As an educator, she recognized the value of learning to read and spent many hours reading to her children, grandchildren and great- grandchildren and listening to them read to her.
She grew up helping her father farm and ranch in the era prior to electricity and telephones. All farming was done by horses as she spent many hours behind a team of horses mowing and raking hay.
She told many stories to her children and grandchildren recounting the long days at harvest time feeding the large threshing crews when all food preparation was done that day from killing the chickens at dawn through chopping the wood for the wood cook stove, preparing and serving the food to finishing the dishes before dark and cleaning cookware at the end of the day.
A sizable herd of Jersey milk cows were milked by hand twice a day. Beef, pigs, chickens and turkeys were raised for meat. Significant time in the summer months was consumed raising the garden, canning and preserving food to get through the winter months.
She lived in the era of self-sufficiency except for the staples. She witnessed the agricultural revolution and the progression to the age of electricity, the telephone, steam-powered tractors, the first gasoline and diesel tractors, Model A’s and Model T’s for transportation to present day large GPS-steered equipment with which one can do as much farming in a half-hour as what once took a long day with horses.
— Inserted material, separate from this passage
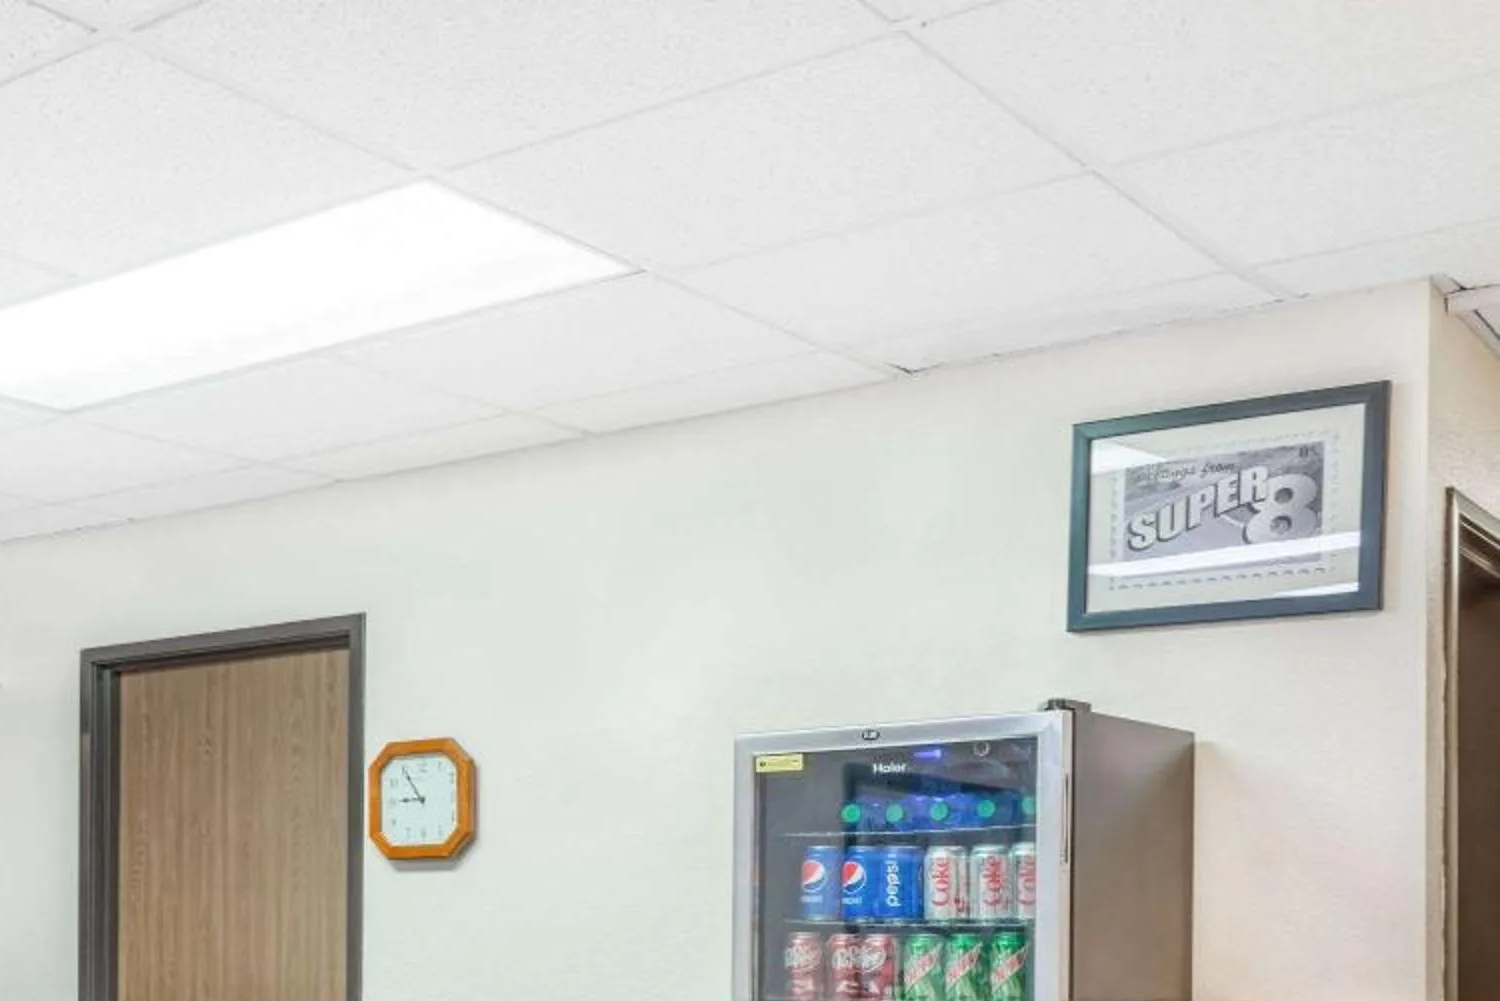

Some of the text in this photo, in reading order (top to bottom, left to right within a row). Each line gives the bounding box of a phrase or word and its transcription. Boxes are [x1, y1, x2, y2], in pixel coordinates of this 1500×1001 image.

[1127, 465, 1319, 551] SUPER 8
[873, 762, 907, 774] Haier
[886, 853, 901, 907] pepsi
She loved rural living here in Eastern Oregon and enjoyed the mountains, lakes, camping and hiking. One of her favorite pastimes was picking huckleberries and then preparing the delightsome desserts from those efforts.
In later days she enjoyed several trips across the United States with her husband. They attended many 820th engineer reunions of World War II vets with whom Billy served.
A highlight was when they were able to host a reunion at the family ranch at Muddy Creek. They participated in local VFW and Auxiliary activities.
She was preceded in death by her parents; and her husband, Billy, who died on Sept. 11, 2007.
Survivors include her son, Deryl Leggett, and his wife, Carolyn; daughter, Janine Wilson; and son, Billy L. Leggett, and his wife, Bonnie; five grandchildren, Wayne Wilson and his wife, Tracy, Wendy Labrousse and her husband, Ken, Angela Kolilis and her husband, Dan, Anthony Leggett and his wife, Kara, and Andrew Leggett; 10 great-grandchildren, Rose and William Labrousse, McKenzie, Madysen, Brigham and Annastasia Leggett, Lucas and Ayla Kolilis and Conner and Bryce Wilson; her sister-in-law, Catharine Ott; and numerous cousins, nieces, nephews and their families.
Memorial contributions may be made to the Muddy Creek Mutual Improvement Club, Eastern Oregon Museum in Haines, or the Haines Parent-Teacher Organization (PTO) through Coles Tribute Center, 1950 Place Street, Baker City, OR 97814.